Saved data entries:
---

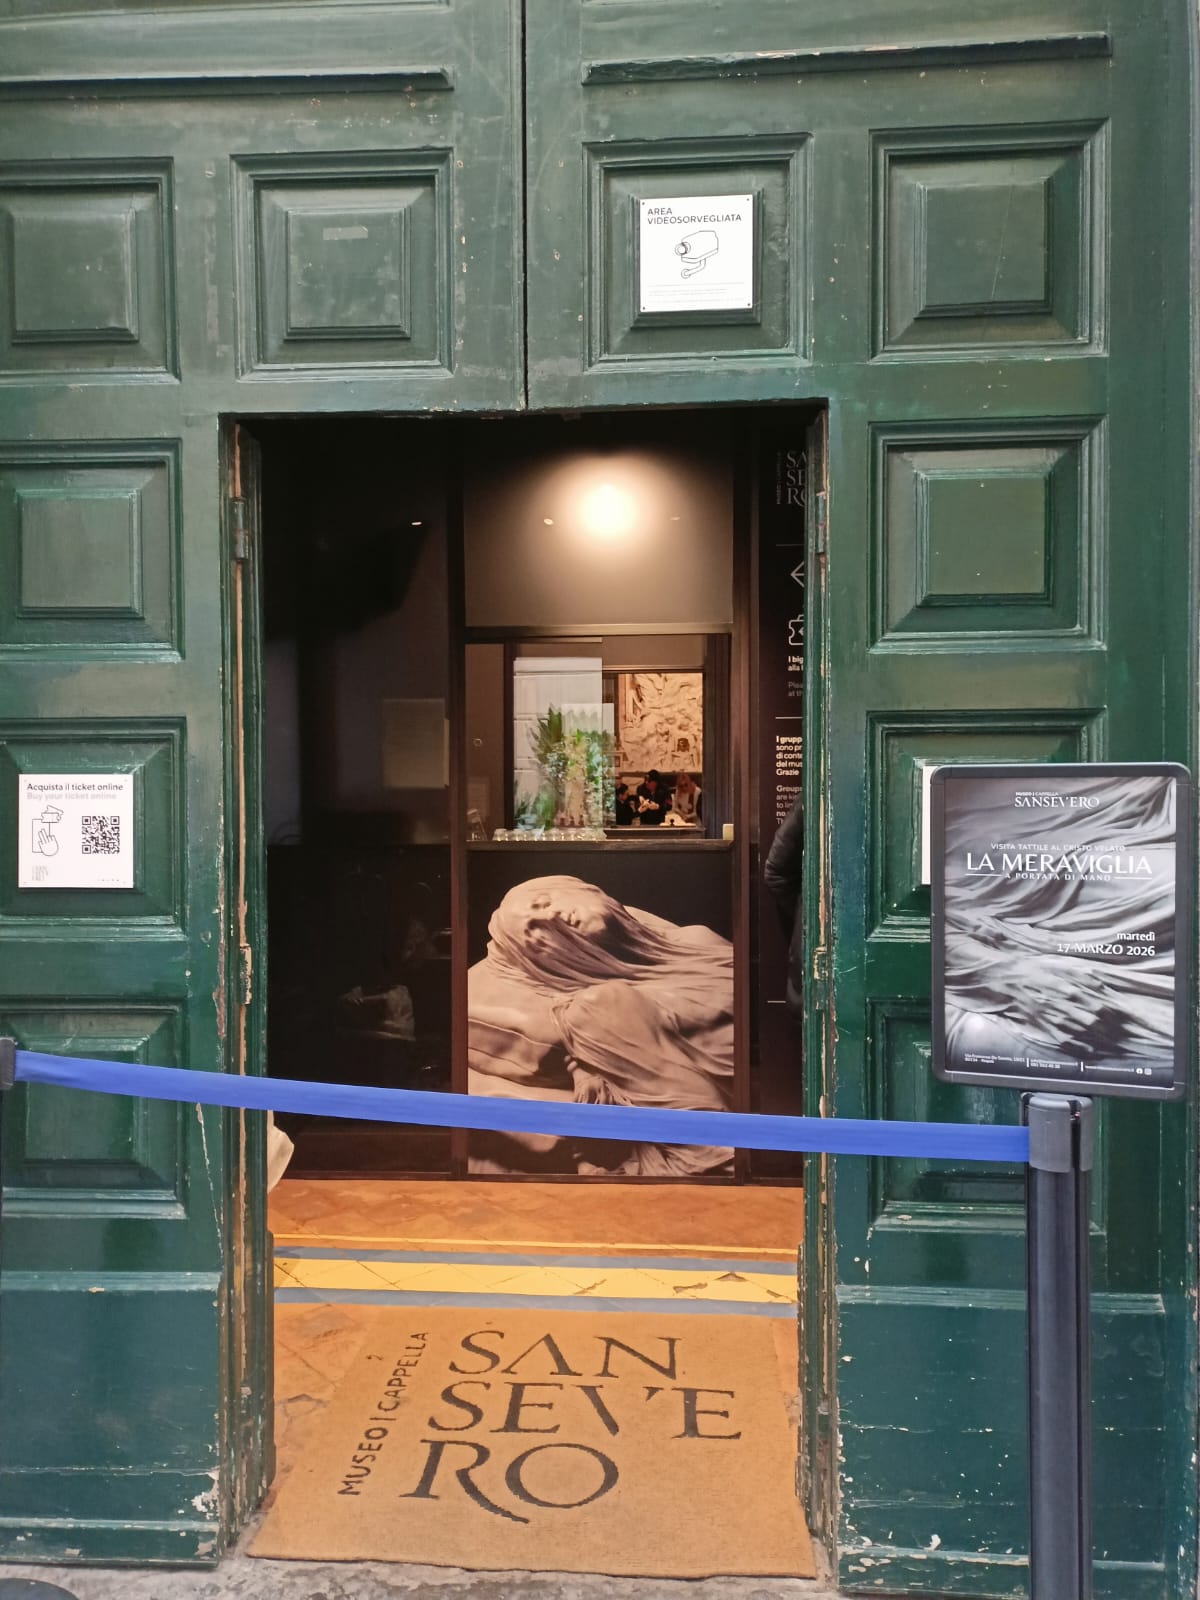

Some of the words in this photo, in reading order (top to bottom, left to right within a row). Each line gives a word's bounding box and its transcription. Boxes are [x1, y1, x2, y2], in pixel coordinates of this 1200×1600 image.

[647, 214, 742, 224] VIDEOSORVEGLIATA
[792, 655, 804, 665] big
[780, 736, 803, 744] grupp
[776, 760, 787, 768] del
[776, 768, 800, 776] Grazie
[27, 783, 63, 792] Acquista
[27, 792, 42, 800] Buy
[1014, 796, 1100, 809] SANSEVERO
[1063, 844, 1091, 852] CRISTO
[967, 852, 995, 871] LA
[1002, 853, 1152, 874] MERAVIGLIA
[1015, 873, 1060, 881] PORTATA
[1080, 874, 1112, 882] MANO
[1117, 931, 1155, 941] martedì
[1057, 943, 1069, 953] 17
[1073, 943, 1123, 955] MARZO
[1126, 945, 1156, 956] 2026
[449, 1330, 682, 1380] SAN
[337, 1426, 390, 1496] MUSEO
[377, 1332, 429, 1414] CAPPELLA
[398, 1439, 620, 1524] RO

---

▶ Aim of the exercise: Return all of the entries word for word, but omit the pictures.

▶ Written answer:
Some of the words in this photo, in reading order (top to bottom, left to right within a row). Each line gives a word's bounding box and its transcription. Boxes are [x1, y1, x2, y2], in pixel coordinates of this 1200×1600 image.

[647, 214, 742, 224] VIDEOSORVEGLIATA
[792, 655, 804, 665] big
[780, 736, 803, 744] grupp
[776, 760, 787, 768] del
[776, 768, 800, 776] Grazie
[27, 783, 63, 792] Acquista
[27, 792, 42, 800] Buy
[1014, 796, 1100, 809] SANSEVERO
[1063, 844, 1091, 852] CRISTO
[967, 852, 995, 871] LA
[1002, 853, 1152, 874] MERAVIGLIA
[1015, 873, 1060, 881] PORTATA
[1080, 874, 1112, 882] MANO
[1117, 931, 1155, 941] martedì
[1057, 943, 1069, 953] 17
[1073, 943, 1123, 955] MARZO
[1126, 945, 1156, 956] 2026
[449, 1330, 682, 1380] SAN
[337, 1426, 390, 1496] MUSEO
[377, 1332, 429, 1414] CAPPELLA
[398, 1439, 620, 1524] RO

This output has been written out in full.